*What to produce*: Keep the images out and copy every entry below exactly.

*Task material*:
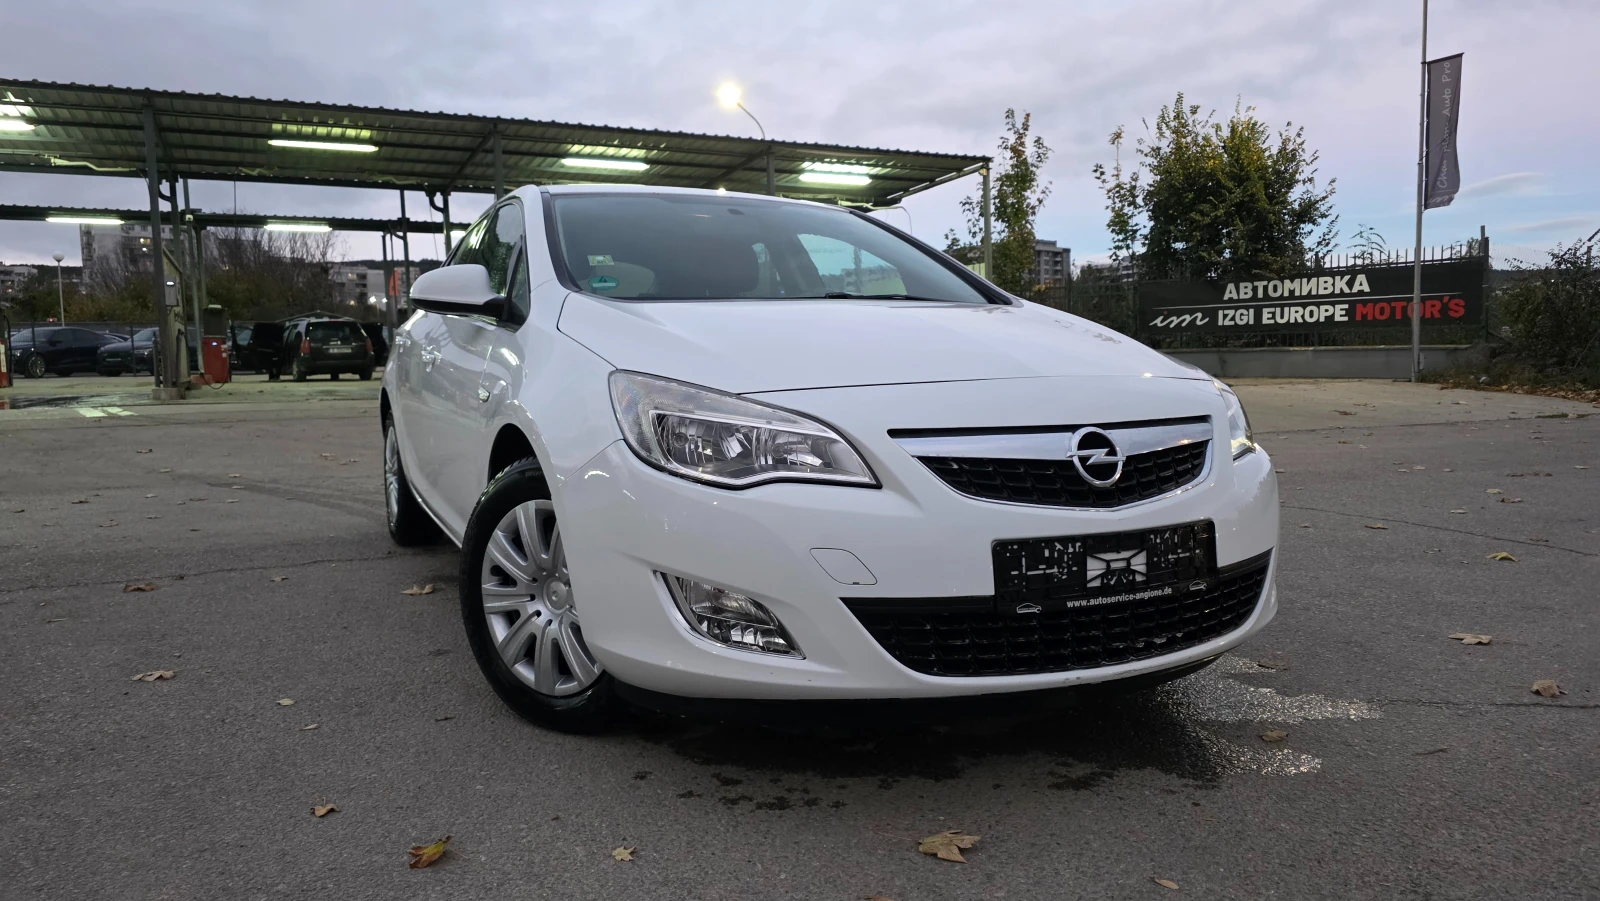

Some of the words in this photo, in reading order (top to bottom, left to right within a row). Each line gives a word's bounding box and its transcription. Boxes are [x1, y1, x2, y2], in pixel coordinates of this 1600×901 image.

[1441, 61, 1451, 83] Pro
[1441, 88, 1451, 117] Auto
[1223, 273, 1371, 301] АВТОМИВКА
[1217, 308, 1255, 326] IZGI
[1262, 304, 1349, 325] EUROPE
[1066, 586, 1173, 608] www.autoservice-angione.de
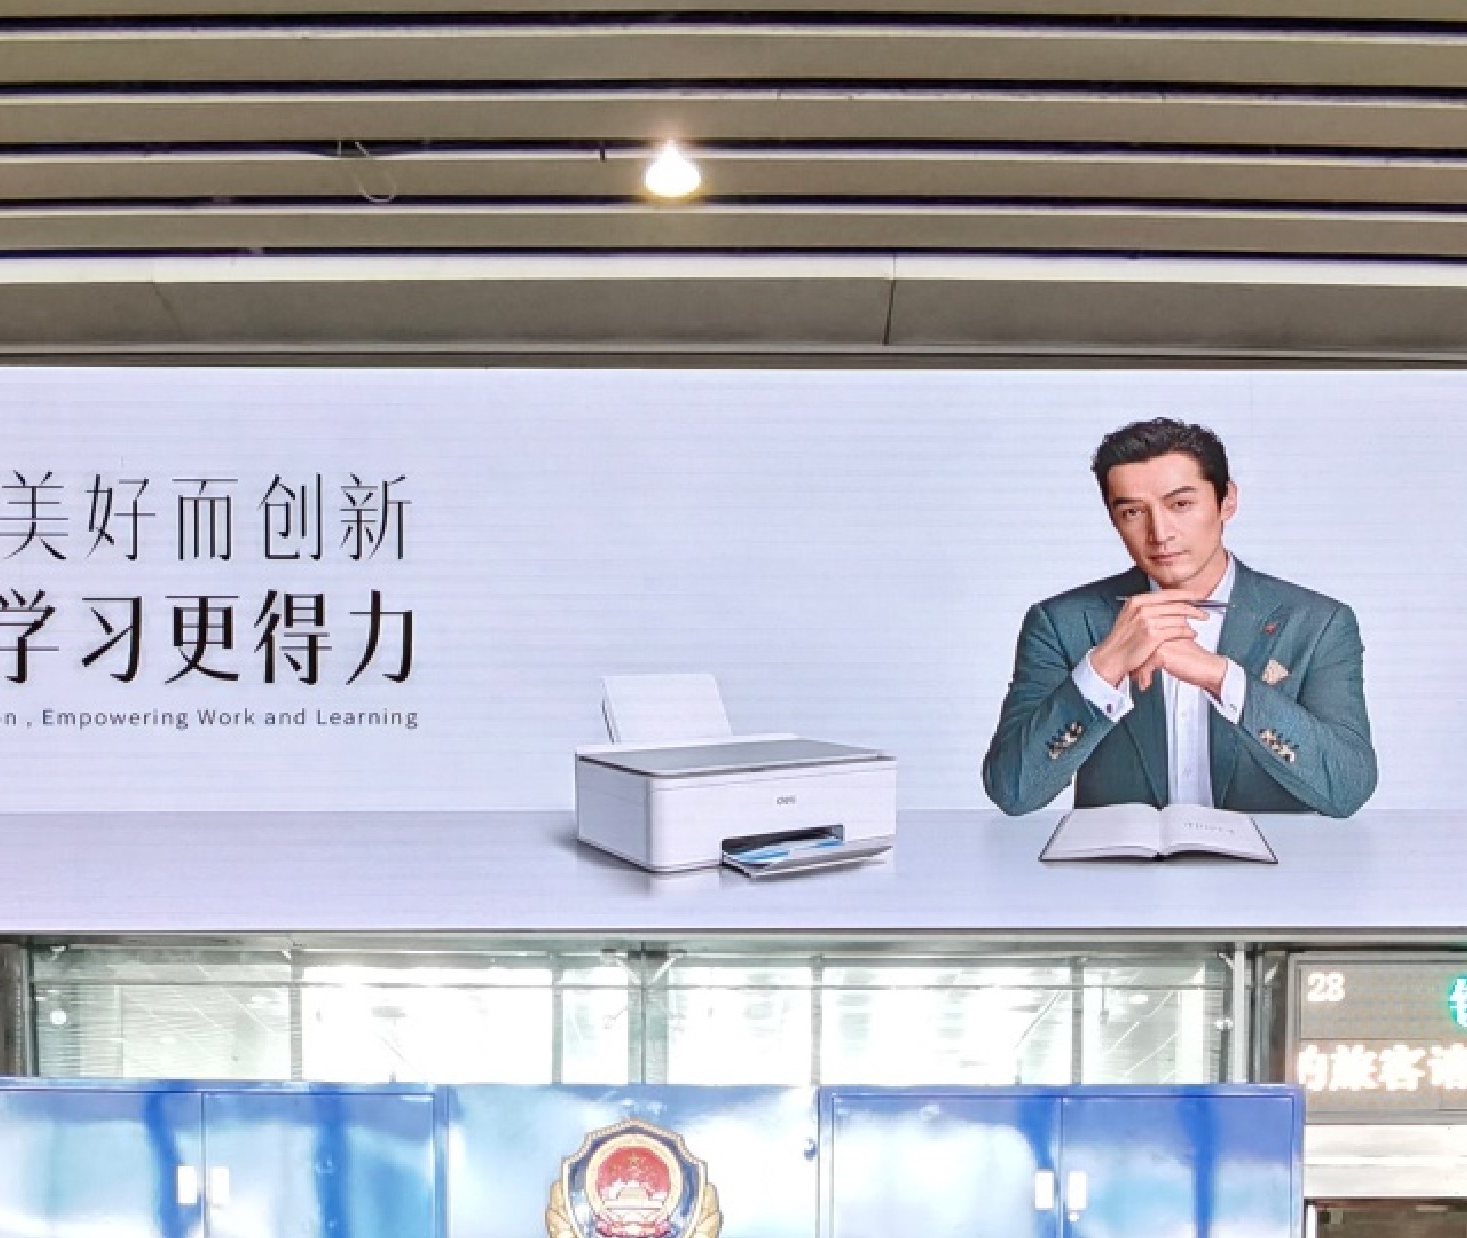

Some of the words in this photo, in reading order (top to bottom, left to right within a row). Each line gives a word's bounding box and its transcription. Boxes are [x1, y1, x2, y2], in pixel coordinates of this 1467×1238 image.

[42, 708, 188, 730] Empowering
[197, 708, 255, 726] Work
[264, 708, 306, 726] and
[317, 708, 419, 730] Learning

*Solution*:
Some of the words in this photo, in reading order (top to bottom, left to right within a row). Each line gives a word's bounding box and its transcription. Boxes are [x1, y1, x2, y2], in pixel coordinates of this 1600×901 image.

[1441, 61, 1451, 83] Pro
[1441, 88, 1451, 117] Auto
[1223, 273, 1371, 301] АВТОМИВКА
[1217, 308, 1255, 326] IZGI
[1262, 304, 1349, 325] EUROPE
[1066, 586, 1173, 608] www.autoservice-angione.de

Some of the words in this photo, in reading order (top to bottom, left to right within a row). Each line gives a word's bounding box and its transcription. Boxes are [x1, y1, x2, y2], in pixel coordinates of this 1467×1238 image.

[42, 708, 188, 730] Empowering
[197, 708, 255, 726] Work
[264, 708, 306, 726] and
[317, 708, 419, 730] Learning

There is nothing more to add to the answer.